Seither heißt es bis auf Weiteres Warten - Warten auf politische Grundsatz-Entscheidungen, Warten auf die Entscheidung: Wer zahlt? Im Augenblick ist, dem Vernehmen nach, die Bundesregierung am Zug. In der Ministerratssitzung vom14. November 2007 kam das Thema „Umsetzung des Punktes 8 – Jüdische Friedhöfe – des Washingtoner Abkommens"auf die Tagesordnung. Man kündigte an, Gespräche zu Finanzierungsfragen führen zu wollen - „zu einem geeigneten Zeitpunkt". Immerhin.

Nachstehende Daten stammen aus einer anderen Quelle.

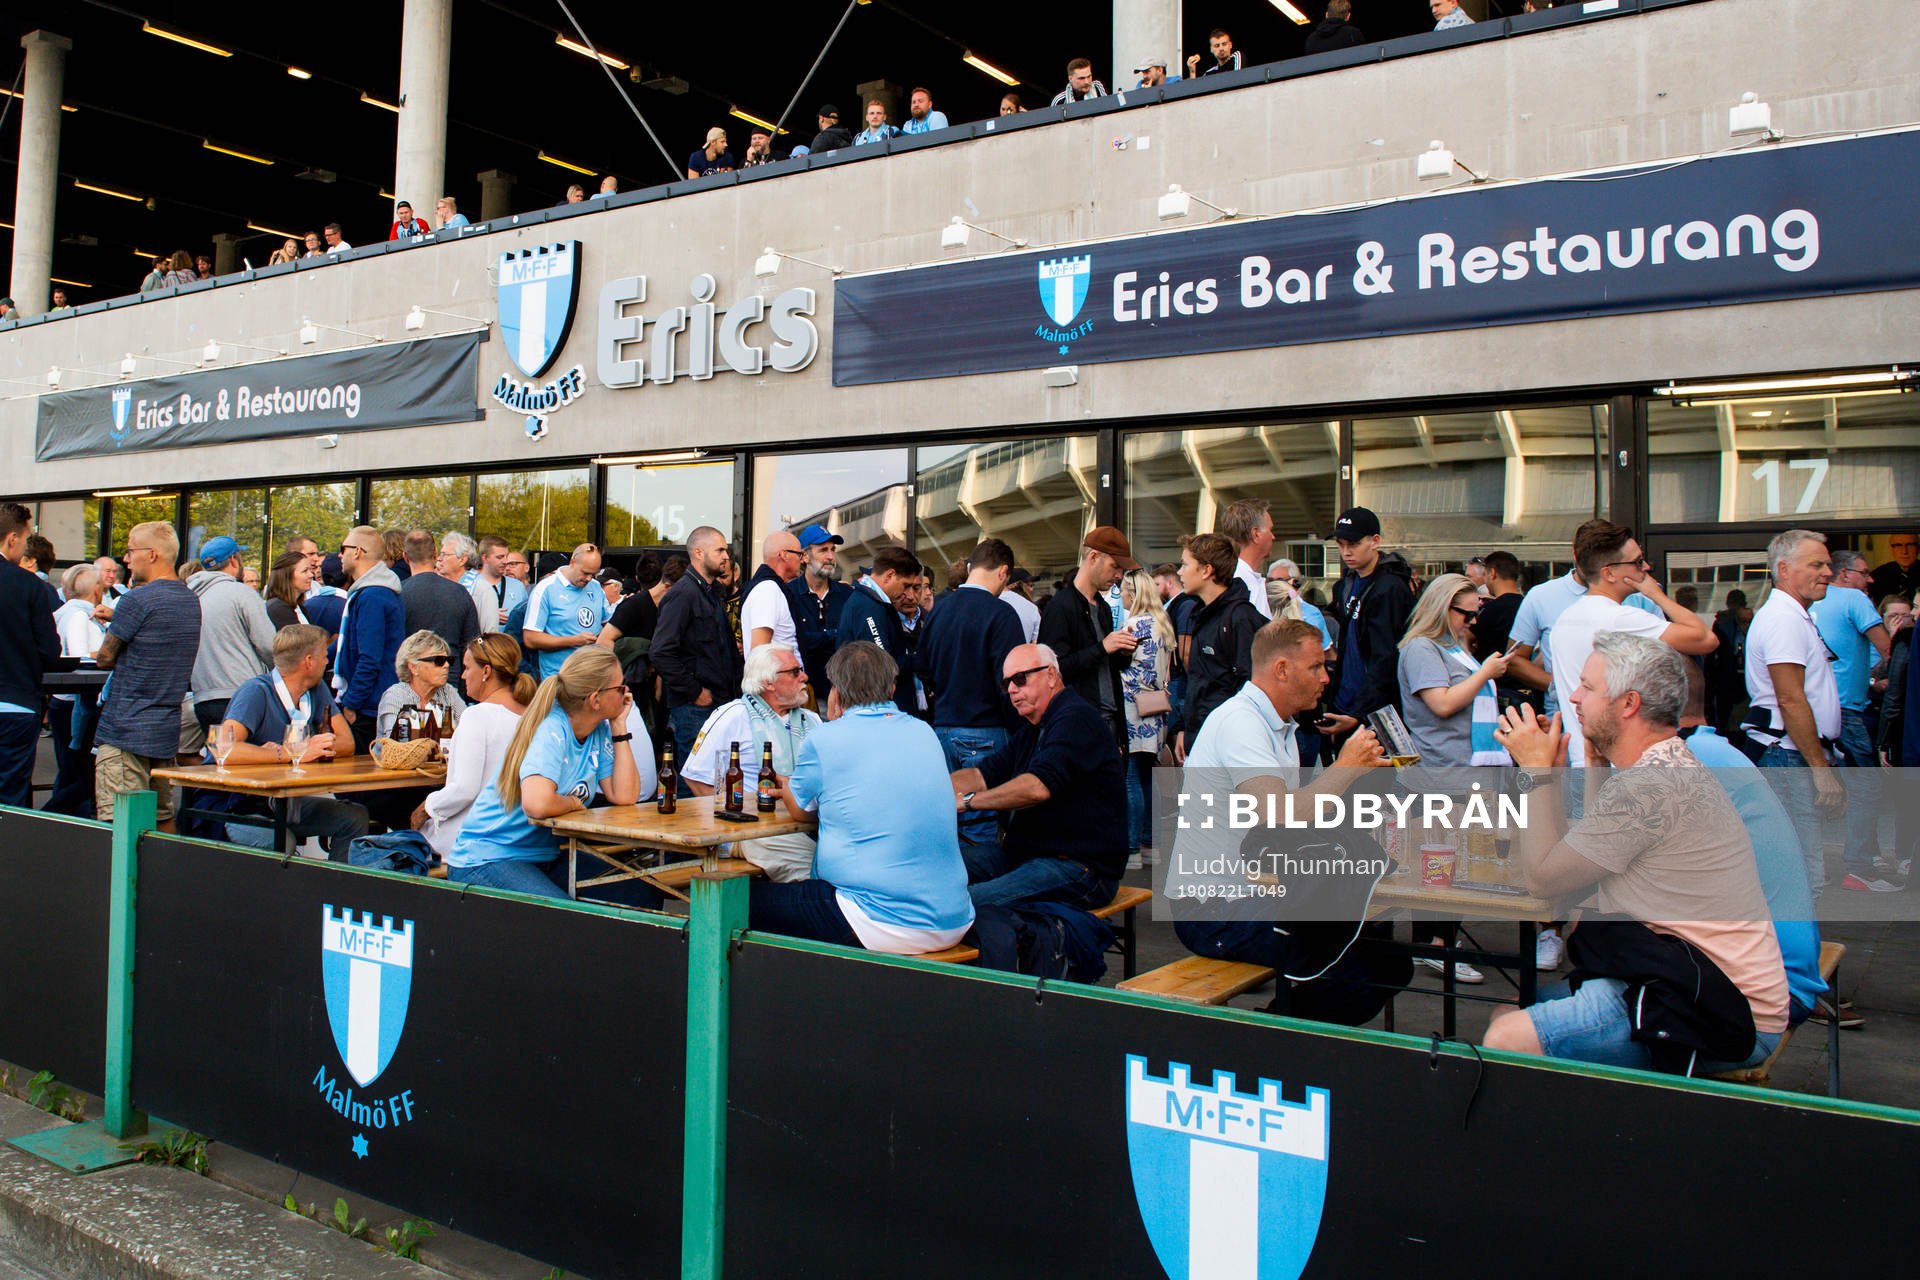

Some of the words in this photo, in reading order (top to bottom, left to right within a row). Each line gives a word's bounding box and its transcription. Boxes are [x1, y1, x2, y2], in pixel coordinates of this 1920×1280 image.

[1113, 271, 1218, 322] Erics
[1240, 255, 1333, 308] Bar
[1352, 241, 1394, 295] &
[1418, 208, 1820, 289] Restaurang
[597, 273, 819, 389] Erics
[1034, 324, 1079, 342] Malmö
[1079, 319, 1094, 336] FF
[136, 400, 174, 430] Erics
[179, 394, 212, 425] Bar
[216, 389, 230, 421] &
[236, 383, 361, 418] Restaurang
[494, 376, 557, 410] Malmö
[556, 367, 581, 401] FF
[1752, 458, 1829, 515] 17
[652, 505, 685, 540] 15
[312, 1064, 386, 1129] Malmö
[389, 1089, 416, 1127] FF

Rechtlich verbindliche Verpflichtungen zur Sicherstellung der so dringend notwendigen kontinuierlichen Bewuchspflege, aber auch zur Rettung akut gefährdeter Grabmonumente auf dem jüdischen Friedhof Währing mochten bisher weder die österreichische Bundesregierung noch das Land Wien freiwillig eingehen, wohl um damit nicht einen Präzedenzfall zu schaffen, aus dem sich die Lösung der Zuständigkeitsfrage auch für alle anderen jüdischen Friedhöfe Österreichs ableiten ließe. Der jüdische Friedhof Währing braucht trotzdem sofortiges Handeln. Das Tempo, in dem der Verfall dieses einzigartigen österreichischen Kulturdenkmals voranschreitet, ist beängstigend. Gerade deshalb müssen langfristige Lösungen gefunden werden - zuverlässig und sachgerecht sollten sie sein.